Problem requirements
Nothing other than an exact copy of the records should be returned.

Excerpted records
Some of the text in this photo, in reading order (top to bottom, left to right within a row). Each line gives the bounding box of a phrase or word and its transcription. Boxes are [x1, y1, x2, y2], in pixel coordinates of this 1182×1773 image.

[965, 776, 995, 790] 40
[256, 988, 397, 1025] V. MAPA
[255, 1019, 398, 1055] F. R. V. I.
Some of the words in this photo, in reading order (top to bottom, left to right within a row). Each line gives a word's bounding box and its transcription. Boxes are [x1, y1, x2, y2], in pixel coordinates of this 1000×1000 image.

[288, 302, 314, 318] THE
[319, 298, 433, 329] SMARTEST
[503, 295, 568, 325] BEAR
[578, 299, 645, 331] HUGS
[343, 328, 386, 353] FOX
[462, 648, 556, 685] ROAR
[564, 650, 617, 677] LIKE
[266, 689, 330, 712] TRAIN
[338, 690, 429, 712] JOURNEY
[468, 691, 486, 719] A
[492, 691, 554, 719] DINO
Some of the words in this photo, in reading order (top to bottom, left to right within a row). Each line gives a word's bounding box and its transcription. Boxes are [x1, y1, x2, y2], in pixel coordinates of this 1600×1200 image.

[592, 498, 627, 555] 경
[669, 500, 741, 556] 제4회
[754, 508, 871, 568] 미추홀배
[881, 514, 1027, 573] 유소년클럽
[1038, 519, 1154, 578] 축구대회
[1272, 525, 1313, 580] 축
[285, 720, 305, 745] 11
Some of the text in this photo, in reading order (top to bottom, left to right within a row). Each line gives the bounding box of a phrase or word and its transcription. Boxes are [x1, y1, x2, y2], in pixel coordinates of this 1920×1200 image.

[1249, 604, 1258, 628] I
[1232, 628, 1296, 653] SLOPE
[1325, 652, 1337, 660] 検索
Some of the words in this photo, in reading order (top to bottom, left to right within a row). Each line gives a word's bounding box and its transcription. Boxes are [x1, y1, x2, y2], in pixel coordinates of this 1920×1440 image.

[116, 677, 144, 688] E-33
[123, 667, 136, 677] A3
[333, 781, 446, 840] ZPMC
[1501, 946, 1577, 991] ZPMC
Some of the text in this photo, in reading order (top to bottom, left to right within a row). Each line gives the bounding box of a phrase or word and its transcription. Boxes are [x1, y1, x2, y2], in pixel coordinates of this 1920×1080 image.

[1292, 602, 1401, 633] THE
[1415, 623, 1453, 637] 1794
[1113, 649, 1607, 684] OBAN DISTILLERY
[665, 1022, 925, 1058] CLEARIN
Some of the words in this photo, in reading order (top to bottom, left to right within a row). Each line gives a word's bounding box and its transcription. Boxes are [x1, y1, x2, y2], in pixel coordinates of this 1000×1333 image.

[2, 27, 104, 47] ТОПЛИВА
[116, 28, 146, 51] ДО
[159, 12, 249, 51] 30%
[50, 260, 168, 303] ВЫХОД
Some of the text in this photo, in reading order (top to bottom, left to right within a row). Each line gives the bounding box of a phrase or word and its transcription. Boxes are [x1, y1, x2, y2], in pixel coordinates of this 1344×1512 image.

Output of the task
Some of the text in this photo, in reading order (top to bottom, left to right within a row). Each line gives the bounding box of a phrase or word and its transcription. Boxes are [x1, y1, x2, y2], in pixel coordinates of this 1182×1773 image.

[965, 776, 995, 790] 40
[256, 988, 397, 1025] V. MAPA
[255, 1019, 398, 1055] F. R. V. I.
Some of the words in this photo, in reading order (top to bottom, left to right within a row). Each line gives a word's bounding box and its transcription. Boxes are [x1, y1, x2, y2], in pixel coordinates of this 1000×1000 image.

[288, 302, 314, 318] THE
[319, 298, 433, 329] SMARTEST
[503, 295, 568, 325] BEAR
[578, 299, 645, 331] HUGS
[343, 328, 386, 353] FOX
[462, 648, 556, 685] ROAR
[564, 650, 617, 677] LIKE
[266, 689, 330, 712] TRAIN
[338, 690, 429, 712] JOURNEY
[468, 691, 486, 719] A
[492, 691, 554, 719] DINO
Some of the words in this photo, in reading order (top to bottom, left to right within a row). Each line gives a word's bounding box and its transcription. Boxes are [x1, y1, x2, y2], in pixel coordinates of this 1600×1200 image.

[592, 498, 627, 555] 경
[669, 500, 741, 556] 제4회
[754, 508, 871, 568] 미추홀배
[881, 514, 1027, 573] 유소년클럽
[1038, 519, 1154, 578] 축구대회
[1272, 525, 1313, 580] 축
[285, 720, 305, 745] 11
Some of the text in this photo, in reading order (top to bottom, left to right within a row). Each line gives the bounding box of a phrase or word and its transcription. Boxes are [x1, y1, x2, y2], in pixel coordinates of this 1920×1200 image.

[1249, 604, 1258, 628] I
[1232, 628, 1296, 653] SLOPE
[1325, 652, 1337, 660] 検索
Some of the words in this photo, in reading order (top to bottom, left to right within a row). Each line gives a word's bounding box and its transcription. Boxes are [x1, y1, x2, y2], in pixel coordinates of this 1920×1440 image.

[116, 677, 144, 688] E-33
[123, 667, 136, 677] A3
[333, 781, 446, 840] ZPMC
[1501, 946, 1577, 991] ZPMC
Some of the text in this photo, in reading order (top to bottom, left to right within a row). Each line gives the bounding box of a phrase or word and its transcription. Boxes are [x1, y1, x2, y2], in pixel coordinates of this 1920×1080 image.

[1292, 602, 1401, 633] THE
[1415, 623, 1453, 637] 1794
[1113, 649, 1607, 684] OBAN DISTILLERY
[665, 1022, 925, 1058] CLEARIN
Some of the words in this photo, in reading order (top to bottom, left to right within a row). Each line gives a word's bounding box and its transcription. Boxes are [x1, y1, x2, y2], in pixel coordinates of this 1000×1333 image.

[2, 27, 104, 47] ТОПЛИВА
[116, 28, 146, 51] ДО
[159, 12, 249, 51] 30%
[50, 260, 168, 303] ВЫХОД
Some of the text in this photo, in reading order (top to bottom, left to right within a row). Each line gives the bounding box of a phrase or word and its transcription. Boxes are [x1, y1, x2, y2], in pixel coordinates of this 1344×1512 image.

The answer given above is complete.